Records from a data collection:
= = = =

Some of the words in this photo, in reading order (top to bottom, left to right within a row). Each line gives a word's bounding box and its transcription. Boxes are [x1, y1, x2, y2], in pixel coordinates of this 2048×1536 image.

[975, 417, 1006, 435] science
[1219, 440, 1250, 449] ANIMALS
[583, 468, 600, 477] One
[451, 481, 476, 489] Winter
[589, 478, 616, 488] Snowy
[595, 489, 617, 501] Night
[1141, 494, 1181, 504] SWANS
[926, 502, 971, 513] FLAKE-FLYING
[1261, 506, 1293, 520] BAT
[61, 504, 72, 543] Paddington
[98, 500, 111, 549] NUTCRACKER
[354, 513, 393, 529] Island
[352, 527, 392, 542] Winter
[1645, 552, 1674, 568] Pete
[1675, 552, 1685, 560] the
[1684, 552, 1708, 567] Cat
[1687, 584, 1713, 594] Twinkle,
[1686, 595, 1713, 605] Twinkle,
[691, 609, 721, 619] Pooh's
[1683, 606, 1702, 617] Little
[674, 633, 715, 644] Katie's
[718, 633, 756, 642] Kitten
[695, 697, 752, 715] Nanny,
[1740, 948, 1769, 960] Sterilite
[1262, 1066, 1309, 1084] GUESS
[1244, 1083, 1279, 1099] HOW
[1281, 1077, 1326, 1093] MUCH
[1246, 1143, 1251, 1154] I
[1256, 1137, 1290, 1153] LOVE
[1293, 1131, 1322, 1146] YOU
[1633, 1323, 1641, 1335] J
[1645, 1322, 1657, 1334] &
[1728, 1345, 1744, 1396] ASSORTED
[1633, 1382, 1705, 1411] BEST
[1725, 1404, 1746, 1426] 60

= = = =

● Exercise aim: Each entry above should be written again exactly.

● Solved problem:
Some of the words in this photo, in reading order (top to bottom, left to right within a row). Each line gives a word's bounding box and its transcription. Boxes are [x1, y1, x2, y2], in pixel coordinates of this 2048×1536 image.

[975, 417, 1006, 435] science
[1219, 440, 1250, 449] ANIMALS
[583, 468, 600, 477] One
[451, 481, 476, 489] Winter
[589, 478, 616, 488] Snowy
[595, 489, 617, 501] Night
[1141, 494, 1181, 504] SWANS
[926, 502, 971, 513] FLAKE-FLYING
[1261, 506, 1293, 520] BAT
[61, 504, 72, 543] Paddington
[98, 500, 111, 549] NUTCRACKER
[354, 513, 393, 529] Island
[352, 527, 392, 542] Winter
[1645, 552, 1674, 568] Pete
[1675, 552, 1685, 560] the
[1684, 552, 1708, 567] Cat
[1687, 584, 1713, 594] Twinkle,
[1686, 595, 1713, 605] Twinkle,
[691, 609, 721, 619] Pooh's
[1683, 606, 1702, 617] Little
[674, 633, 715, 644] Katie's
[718, 633, 756, 642] Kitten
[695, 697, 752, 715] Nanny,
[1740, 948, 1769, 960] Sterilite
[1262, 1066, 1309, 1084] GUESS
[1244, 1083, 1279, 1099] HOW
[1281, 1077, 1326, 1093] MUCH
[1246, 1143, 1251, 1154] I
[1256, 1137, 1290, 1153] LOVE
[1293, 1131, 1322, 1146] YOU
[1633, 1323, 1641, 1335] J
[1645, 1322, 1657, 1334] &
[1728, 1345, 1744, 1396] ASSORTED
[1633, 1382, 1705, 1411] BEST
[1725, 1404, 1746, 1426] 60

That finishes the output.